*** Opening of Supplied material ***

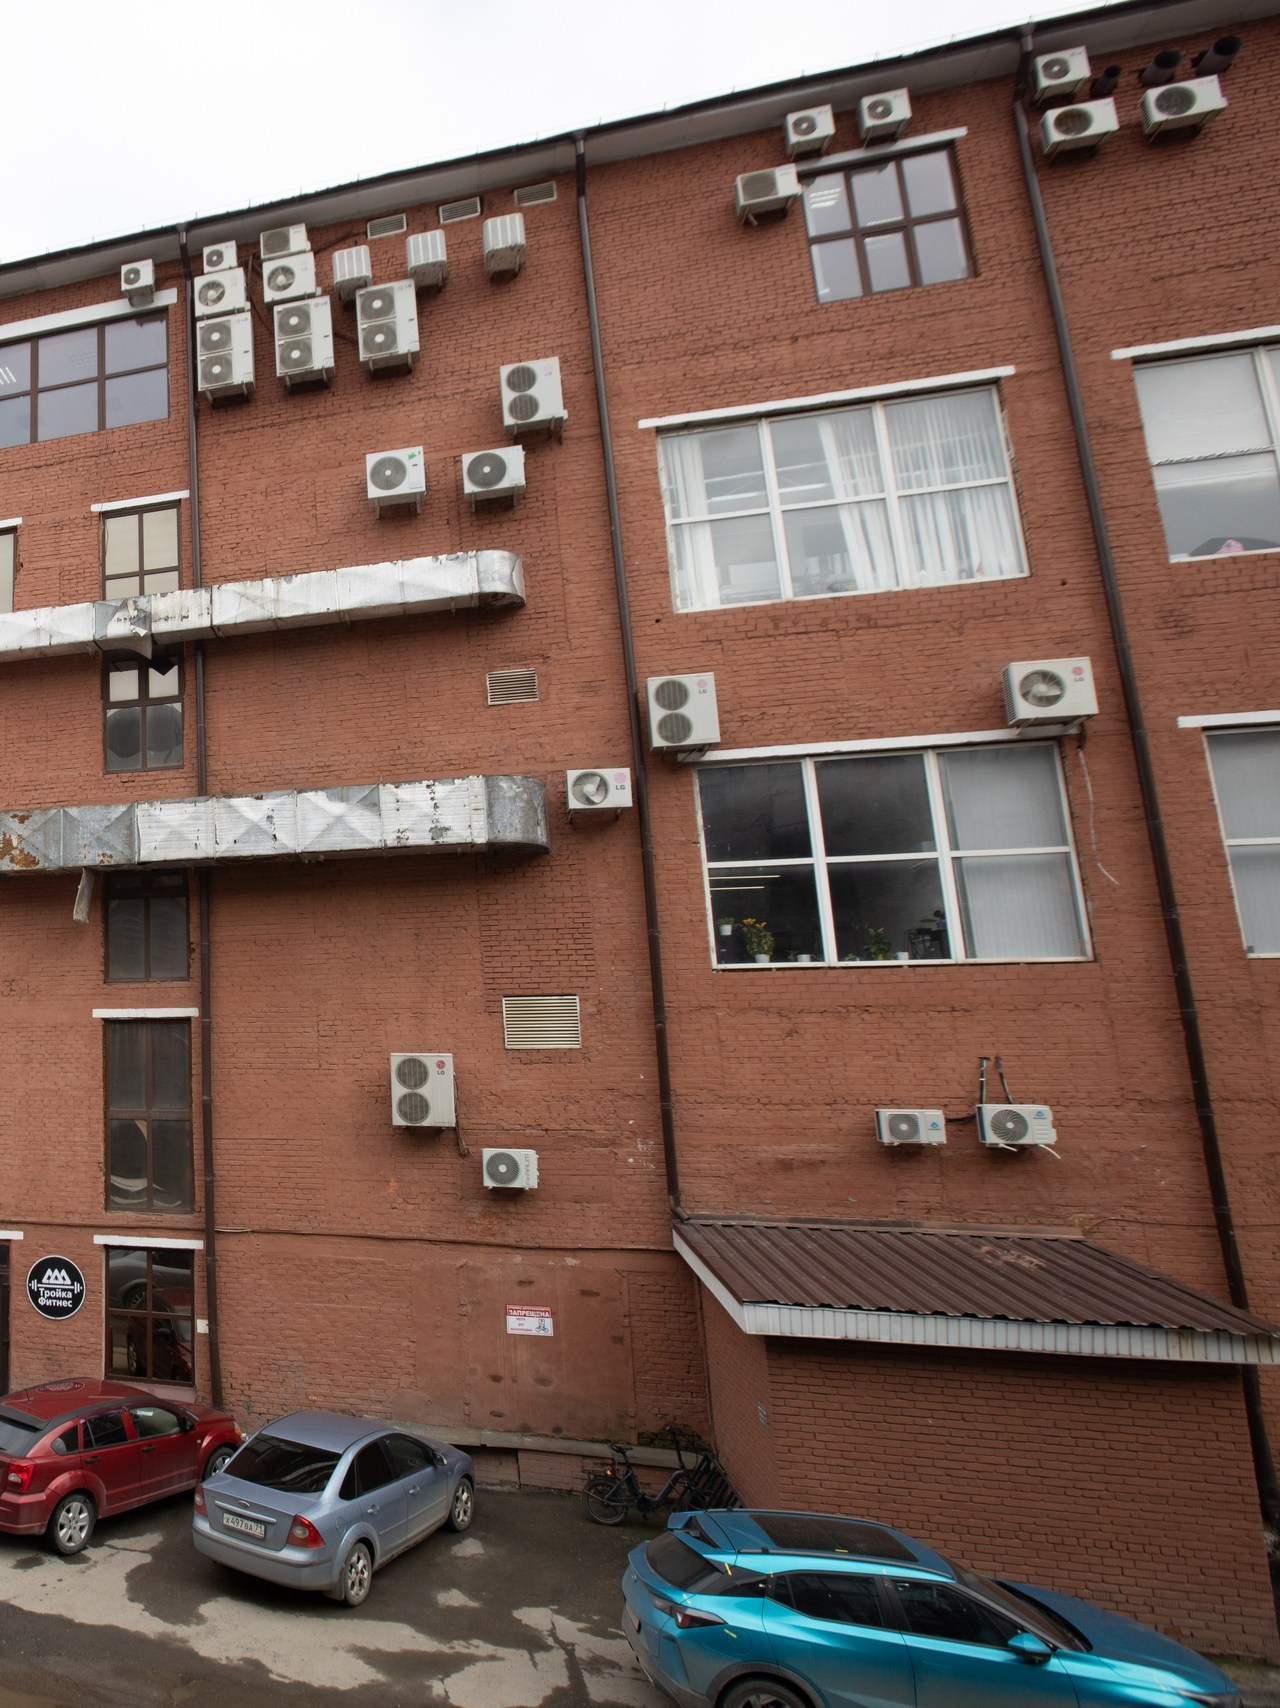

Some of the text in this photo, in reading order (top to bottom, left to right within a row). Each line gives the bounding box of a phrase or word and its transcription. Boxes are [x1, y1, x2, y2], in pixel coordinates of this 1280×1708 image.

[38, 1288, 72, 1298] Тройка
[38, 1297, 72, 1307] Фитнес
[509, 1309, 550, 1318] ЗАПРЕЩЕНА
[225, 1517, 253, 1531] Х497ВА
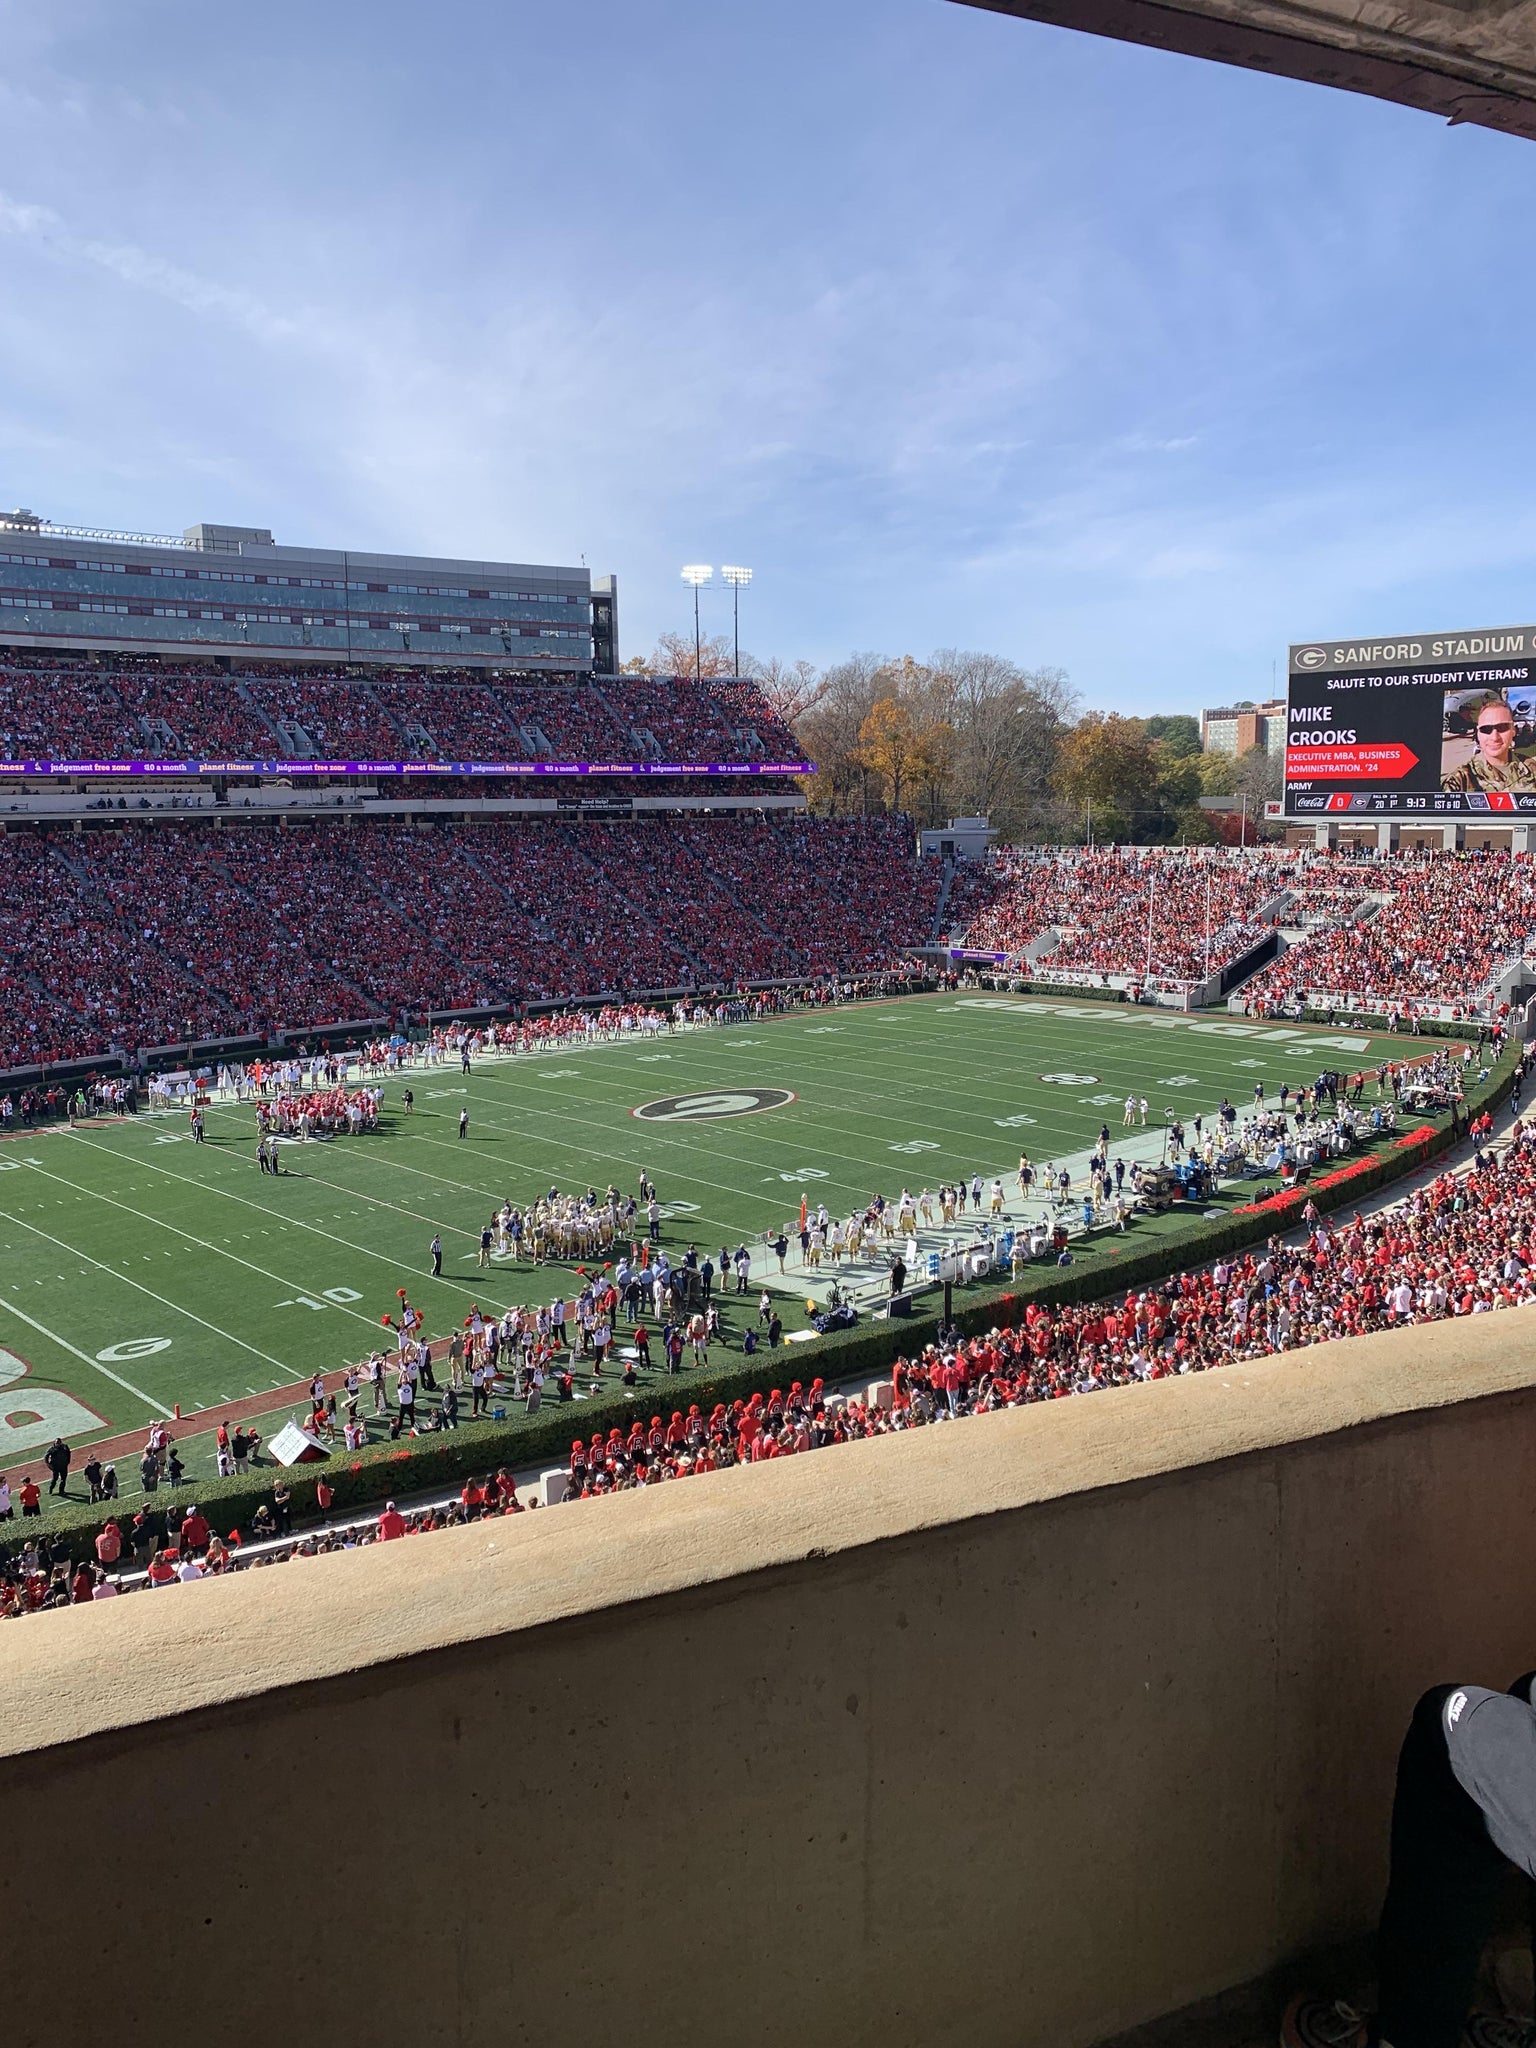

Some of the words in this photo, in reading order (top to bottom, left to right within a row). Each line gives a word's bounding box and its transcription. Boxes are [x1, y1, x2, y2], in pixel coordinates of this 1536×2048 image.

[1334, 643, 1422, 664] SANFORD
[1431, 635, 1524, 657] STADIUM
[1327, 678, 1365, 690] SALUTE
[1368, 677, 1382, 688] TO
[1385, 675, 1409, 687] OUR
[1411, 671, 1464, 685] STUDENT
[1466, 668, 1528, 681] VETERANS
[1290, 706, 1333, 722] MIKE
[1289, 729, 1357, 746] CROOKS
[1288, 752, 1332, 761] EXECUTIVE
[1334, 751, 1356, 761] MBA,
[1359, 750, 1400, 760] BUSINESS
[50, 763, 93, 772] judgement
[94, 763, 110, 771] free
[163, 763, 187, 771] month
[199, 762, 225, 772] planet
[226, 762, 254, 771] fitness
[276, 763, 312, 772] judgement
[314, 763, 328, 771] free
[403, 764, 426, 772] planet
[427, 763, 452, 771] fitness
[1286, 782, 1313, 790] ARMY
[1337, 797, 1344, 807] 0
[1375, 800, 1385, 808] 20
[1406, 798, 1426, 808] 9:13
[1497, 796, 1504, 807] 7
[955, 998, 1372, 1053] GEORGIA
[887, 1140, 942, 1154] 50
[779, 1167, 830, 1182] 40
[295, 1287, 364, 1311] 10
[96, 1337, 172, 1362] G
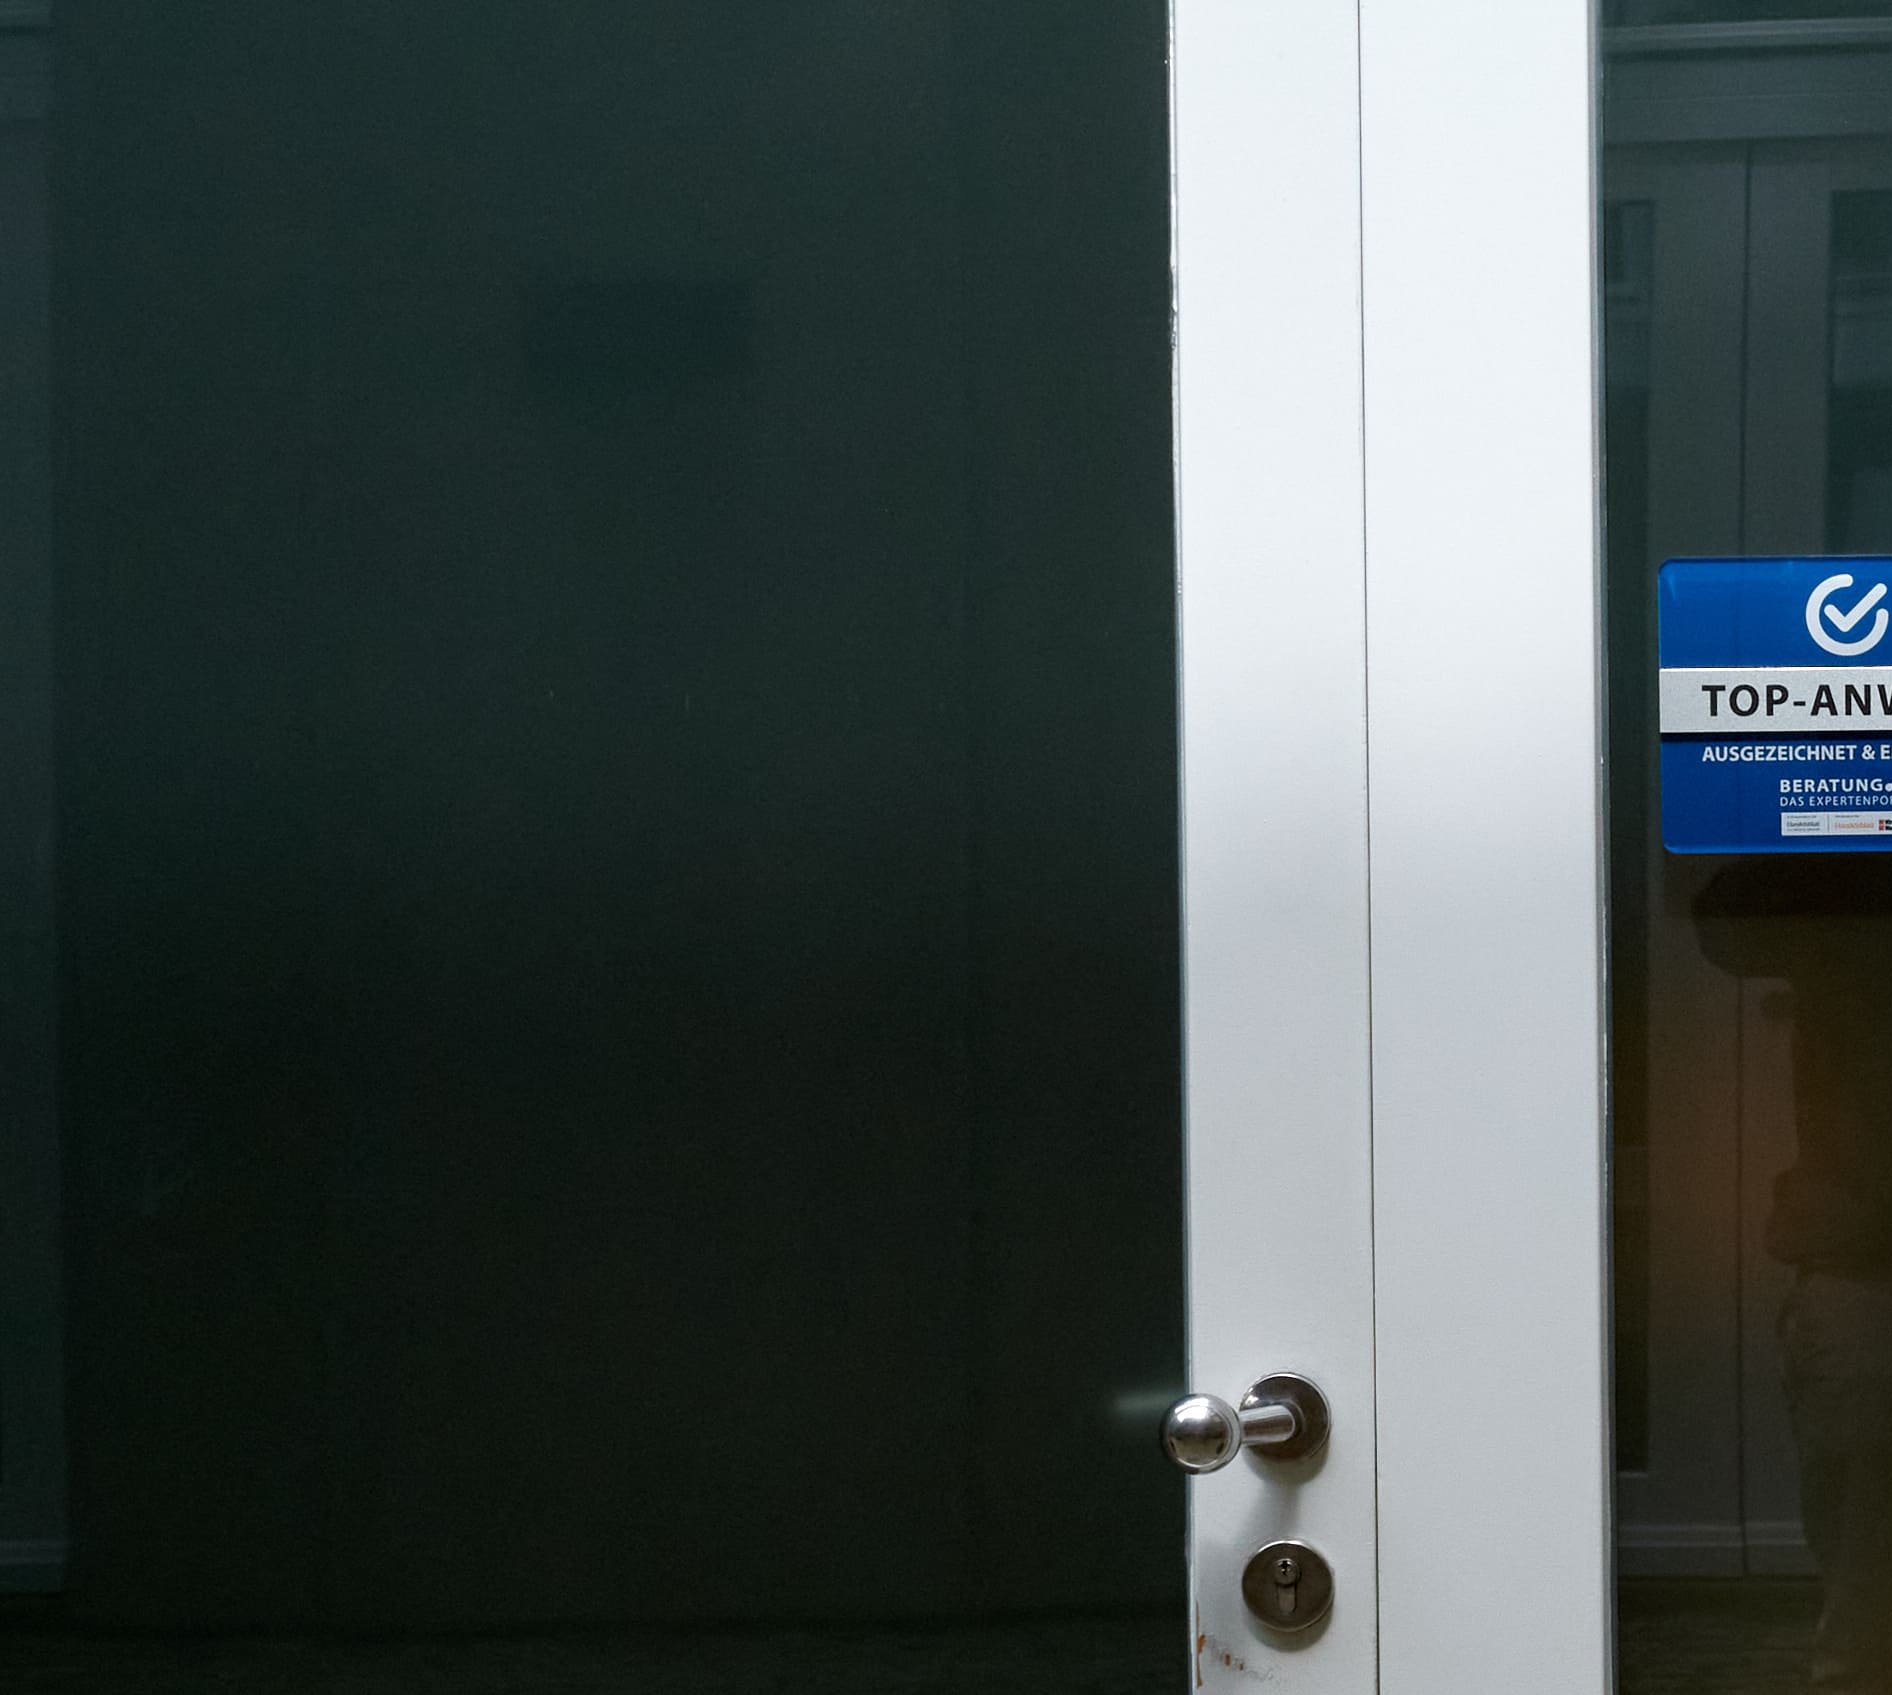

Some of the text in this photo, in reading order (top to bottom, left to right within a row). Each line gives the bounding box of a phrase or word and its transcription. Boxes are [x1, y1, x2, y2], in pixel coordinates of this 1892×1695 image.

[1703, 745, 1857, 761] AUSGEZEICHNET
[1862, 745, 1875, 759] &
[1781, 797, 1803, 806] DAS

*** Close of Supplied material ***

**Task goal**
Once the pictures are set aside, restate the remaining data above exactly.

**Answer box**
Some of the text in this photo, in reading order (top to bottom, left to right within a row). Each line gives the bounding box of a phrase or word and its transcription. Boxes are [x1, y1, x2, y2], in pixel coordinates of this 1280×1708 image.

[38, 1288, 72, 1298] Тройка
[38, 1297, 72, 1307] Фитнес
[509, 1309, 550, 1318] ЗАПРЕЩЕНА
[225, 1517, 253, 1531] Х497ВА

Some of the words in this photo, in reading order (top to bottom, left to right within a row). Each line gives a word's bounding box and its transcription. Boxes are [x1, y1, x2, y2], in pixel coordinates of this 1536×2048 image.

[1334, 643, 1422, 664] SANFORD
[1431, 635, 1524, 657] STADIUM
[1327, 678, 1365, 690] SALUTE
[1368, 677, 1382, 688] TO
[1385, 675, 1409, 687] OUR
[1411, 671, 1464, 685] STUDENT
[1466, 668, 1528, 681] VETERANS
[1290, 706, 1333, 722] MIKE
[1289, 729, 1357, 746] CROOKS
[1288, 752, 1332, 761] EXECUTIVE
[1334, 751, 1356, 761] MBA,
[1359, 750, 1400, 760] BUSINESS
[50, 763, 93, 772] judgement
[94, 763, 110, 771] free
[163, 763, 187, 771] month
[199, 762, 225, 772] planet
[226, 762, 254, 771] fitness
[276, 763, 312, 772] judgement
[314, 763, 328, 771] free
[403, 764, 426, 772] planet
[427, 763, 452, 771] fitness
[1286, 782, 1313, 790] ARMY
[1337, 797, 1344, 807] 0
[1375, 800, 1385, 808] 20
[1406, 798, 1426, 808] 9:13
[1497, 796, 1504, 807] 7
[955, 998, 1372, 1053] GEORGIA
[887, 1140, 942, 1154] 50
[779, 1167, 830, 1182] 40
[295, 1287, 364, 1311] 10
[96, 1337, 172, 1362] G

Some of the text in this photo, in reading order (top to bottom, left to right within a row). Each line gives the bounding box of a phrase or word and its transcription. Boxes are [x1, y1, x2, y2], in pixel coordinates of this 1892×1695 image.

[1703, 745, 1857, 761] AUSGEZEICHNET
[1862, 745, 1875, 759] &
[1781, 797, 1803, 806] DAS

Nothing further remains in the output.